Using a microtome, a technician slices the wax-embedded tissue into sections a few micrometers thick. These sections are then transferred onto glass microscope slides. Because cells are naturally transparent, the tissue must be stained to make its components visible. The most common staining method is Hematoxylin and Eosin (H&E), where Hematoxylin colors cell nuclei purplish-blue and Eosin stains the cytoplasm and connective tissue in shades of pink. The prepared slide can then be viewed under a light microscope or scanned by a whole-slide imaging (WSI) system to create a digital file.

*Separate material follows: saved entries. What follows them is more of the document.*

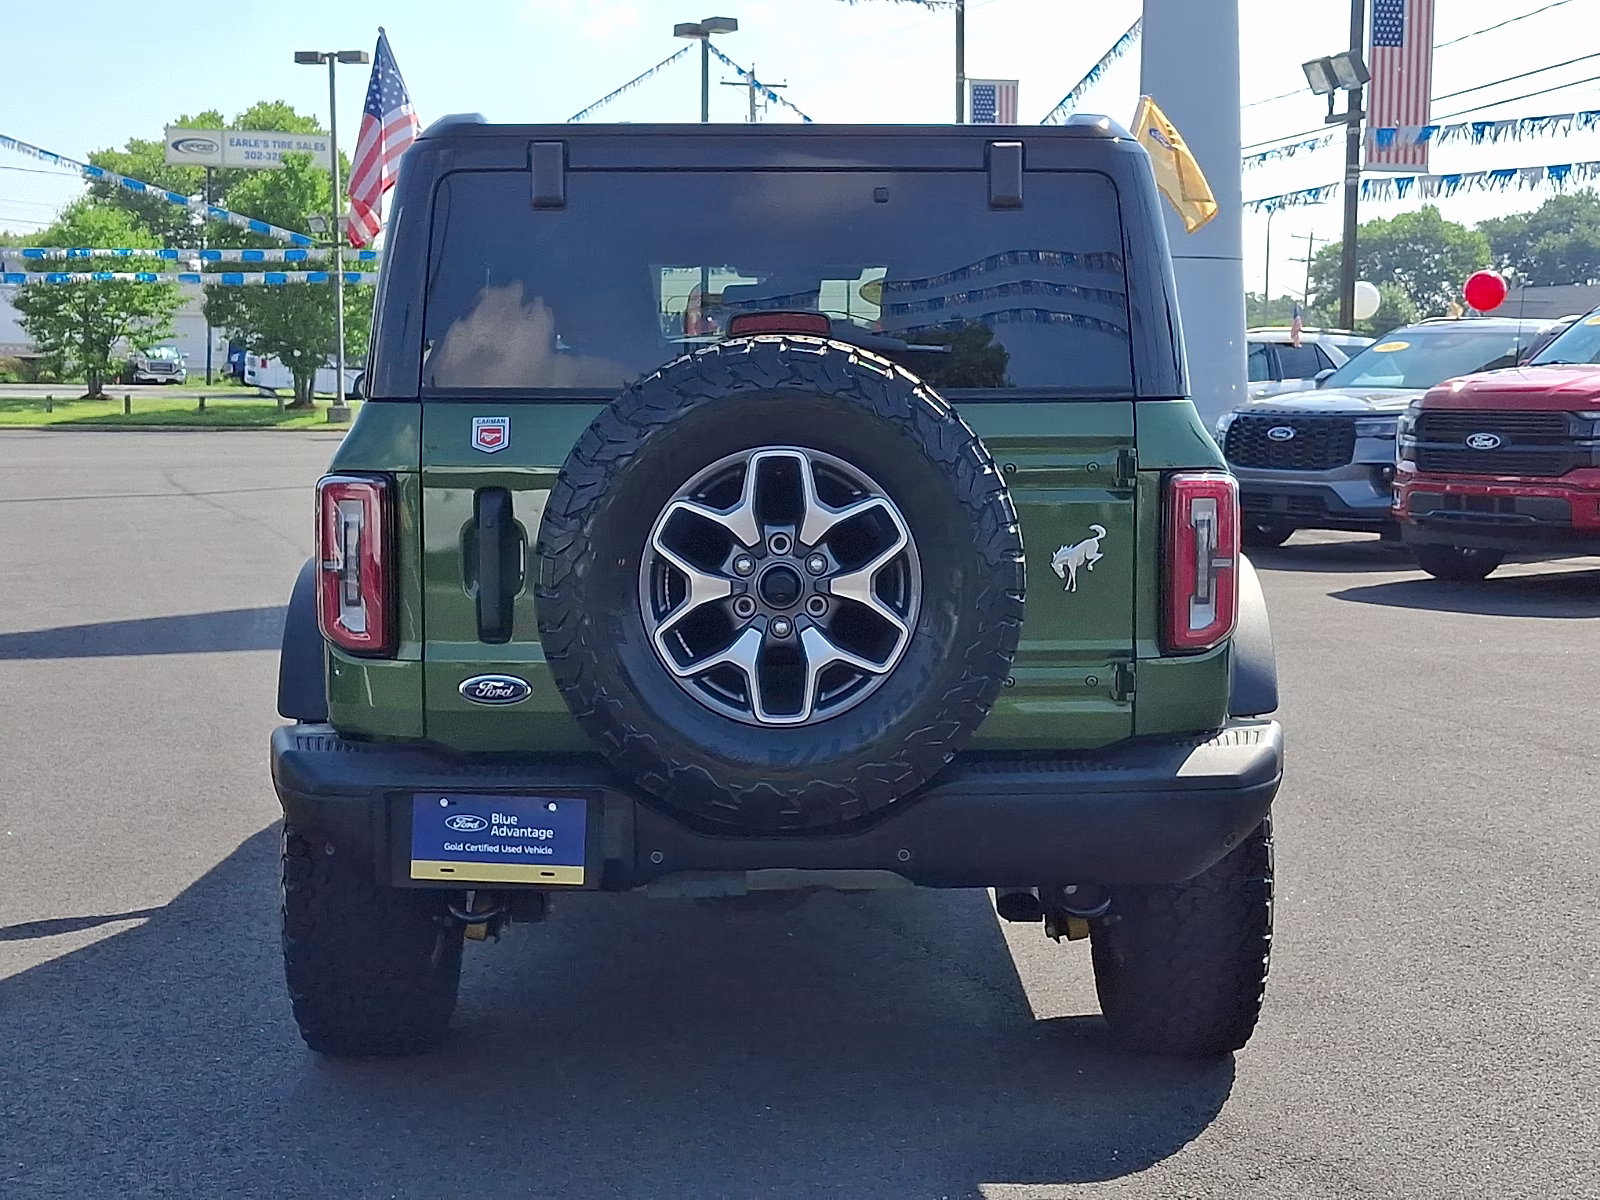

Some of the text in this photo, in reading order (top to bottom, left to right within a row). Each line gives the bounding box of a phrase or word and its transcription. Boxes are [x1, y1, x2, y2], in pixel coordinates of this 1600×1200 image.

[229, 137, 326, 151] EARLE'S TIRE SALES
[475, 681, 515, 697] Ford
[453, 816, 480, 829] Ford
[491, 813, 518, 825] Blue
[490, 825, 554, 840] Advantage
[443, 842, 553, 855] Gold Certified Used Vehicle

Decoding the Cellular Landscape
When a pathologist examines a histopathology image, their analysis focuses on identifying deviations from a healthy state by evaluating several features. A primary consideration is the overall tissue architecture, which refers to how cells are organized to form tissues. In a healthy organ, this arrangement is orderly, but in diseased tissue, this structure can be disrupted or disorganized.

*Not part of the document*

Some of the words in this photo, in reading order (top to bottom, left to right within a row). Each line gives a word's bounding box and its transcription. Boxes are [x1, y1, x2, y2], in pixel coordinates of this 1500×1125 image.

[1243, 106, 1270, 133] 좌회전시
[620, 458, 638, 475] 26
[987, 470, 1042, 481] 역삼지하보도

The pathologist then looks closer at cellular morphology—the size, shape, and appearance of individual cells. They assess whether the cells are uniform or vary significantly, a condition known as pleomorphism. Pathologists also examine nuclear features such as size, shape, and how darkly the nucleus absorbs the stain (hyperchromasia), as these are altered in cancerous cells.
By combining these observations, pathologists distinguish between normal and abnormal findings. For example, they can identify inflammation by spotting an accumulation of white blood cells. They can also detect cell death (necrosis) or see features associated with diseases like tuberculosis. In cancer diagnosis, the degree to which cancerous cells deviate from normal cells helps determine the tumor’s aggressiveness.
Diagnostic Applications
The interpretation of histopathology images is the basis for definitive diagnoses across many medical fields, with its most well-known application in oncology. When a tumor is biopsied, analysis determines if it is benign or malignant. For cancerous tumors, the image provides information on the cancer type, its grade, and can offer clues about how the cancer might respond to certain treatments.
Beyond cancer, histopathology is used to identify a wide array of other conditions. It is used to diagnose inflammatory diseases such as Crohn’s disease or autoimmune disorders like lupus by revealing characteristic inflammation patterns. Infectious diseases can also be identified, either by seeing the microorganism directly or by recognizing the cellular damage it causes, such as spotting bacteria, fungi, or viral inclusions.
Histopathology also extends to monitoring patient health over time. After an organ transplant, biopsies are periodically examined to look for signs of rejection. For patients undergoing treatment for a disease, subsequent tissue samples can show if the therapy is successfully reducing inflammation or eliminating cancerous cells, making it a valuable tool for guiding medical management.
The Impact of Computational Pathology
The field of pathology is undergoing a transformation driven by advances in digital imaging and computer science, creating computational pathology. This began with whole-slide imaging (WSI), a technology that digitizes an entire glass slide at microscopic resolution. These high-resolution images can be easily stored, shared for remote consultations, and archived for long-term study without the physical degradation that affects glass slides.
This shift to digital pathology has paved the way for integrating artificial intelligence (AI) into the diagnostic workflow. AI algorithms, based on deep learning, are trained on vast datasets of histopathology images to perform analytical tasks. These tools can assist pathologists by automatically detecting and highlighting suspicious areas on a slide, such as small clusters of cancer cells that might be missed by the human eye, which improves efficiency.
AI is also capable of performing precise quantitative analysis that is difficult for humans to do consistently. These algorithms can count specific types of cells, measure the size and shape of nuclei, or quantify the extent of certain tissue patterns. Research has shown that AI can even predict genetic mutations or patient prognosis from the visual data in an H&E stained image. These tools are not intended to replace pathologists but to augment their expertise, leading to more objective and reproducible diagnoses.